# Provided records
%%

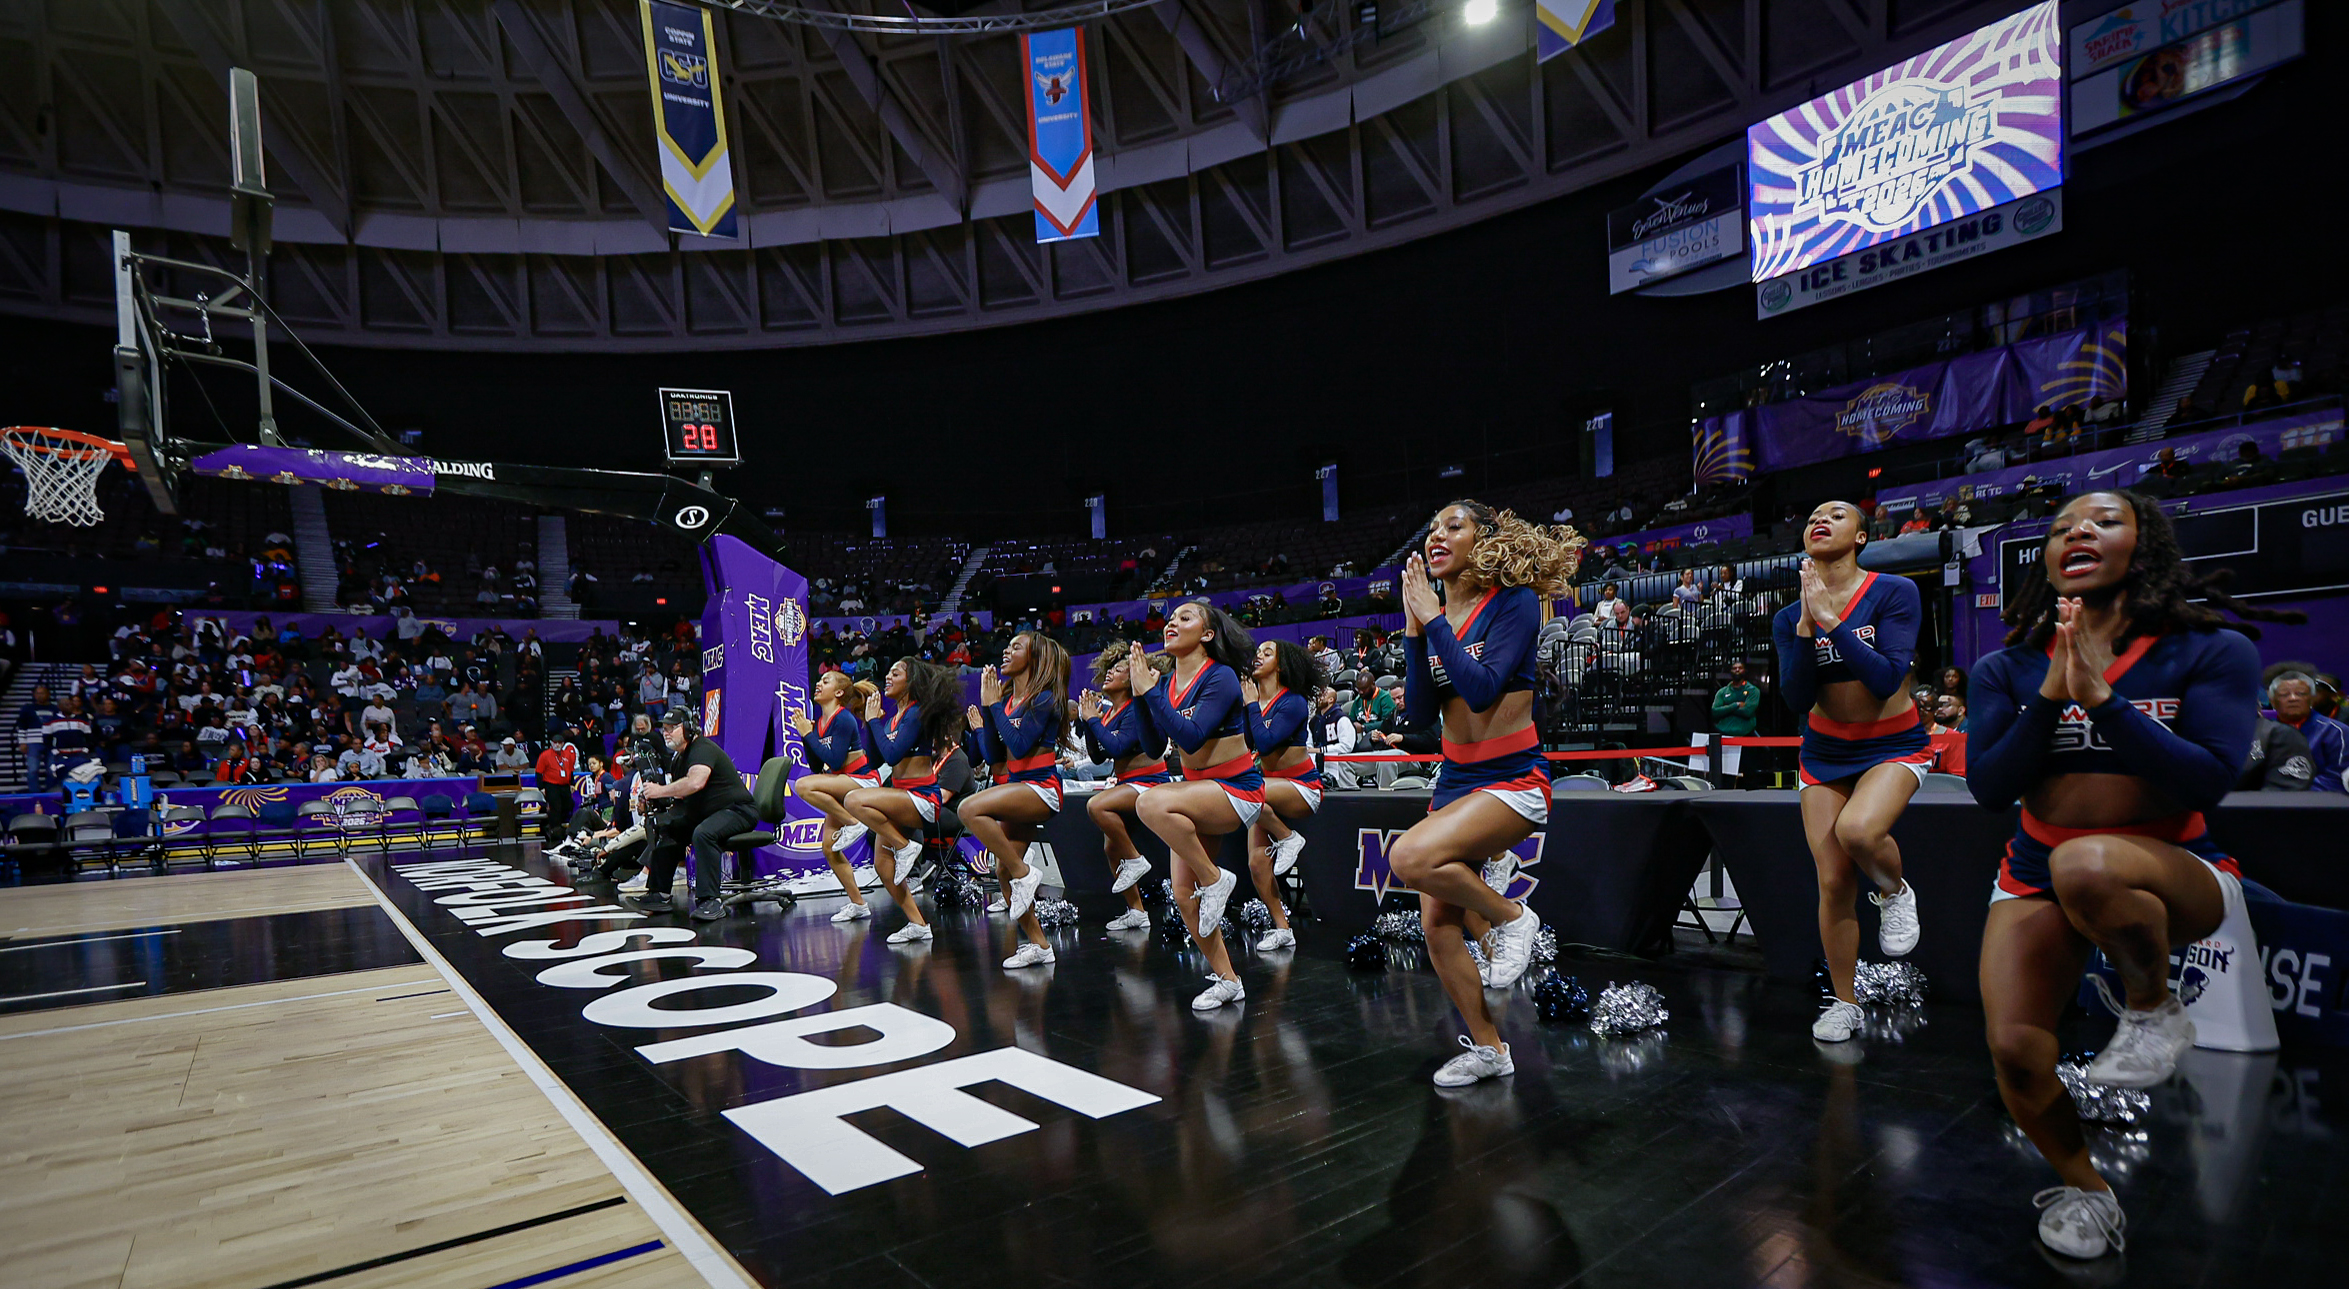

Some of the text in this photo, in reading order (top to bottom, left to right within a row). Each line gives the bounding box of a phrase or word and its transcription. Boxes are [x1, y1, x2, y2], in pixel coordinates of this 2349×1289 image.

[663, 91, 710, 109] UNIVERSITY
[1038, 112, 1078, 123] UNIVERSITY
[1842, 99, 1937, 157] MEAC
[1804, 107, 1993, 201] HOMECOMING
[1861, 172, 1928, 214] 2026
[1642, 217, 1719, 257] FUSION
[1669, 234, 1720, 260] POOLS
[1800, 213, 2003, 293] ICE SKATING
[1815, 284, 1847, 300] LESSONS
[1889, 262, 1921, 278] PARTIES
[1926, 242, 1987, 270] TOURNAMENTS
[1840, 398, 1925, 427] HOMECOMING
[432, 460, 496, 481] ALDING
[1980, 594, 1997, 606] EXIT
[743, 592, 774, 665] MEAC
[702, 643, 725, 677] MEAC
[390, 857, 648, 938] NORFOLK
[501, 927, 1163, 1197] SCOPE

%%

# Activity
The answer must be the full set of records, repeated exactly, with no pictures.

# Your response
Some of the text in this photo, in reading order (top to bottom, left to right within a row). Each line gives the bounding box of a phrase or word and its transcription. Boxes are [x1, y1, x2, y2], in pixel coordinates of this 2349×1289 image.

[663, 91, 710, 109] UNIVERSITY
[1038, 112, 1078, 123] UNIVERSITY
[1842, 99, 1937, 157] MEAC
[1804, 107, 1993, 201] HOMECOMING
[1861, 172, 1928, 214] 2026
[1642, 217, 1719, 257] FUSION
[1669, 234, 1720, 260] POOLS
[1800, 213, 2003, 293] ICE SKATING
[1815, 284, 1847, 300] LESSONS
[1889, 262, 1921, 278] PARTIES
[1926, 242, 1987, 270] TOURNAMENTS
[1840, 398, 1925, 427] HOMECOMING
[432, 460, 496, 481] ALDING
[1980, 594, 1997, 606] EXIT
[743, 592, 774, 665] MEAC
[702, 643, 725, 677] MEAC
[390, 857, 648, 938] NORFOLK
[501, 927, 1163, 1197] SCOPE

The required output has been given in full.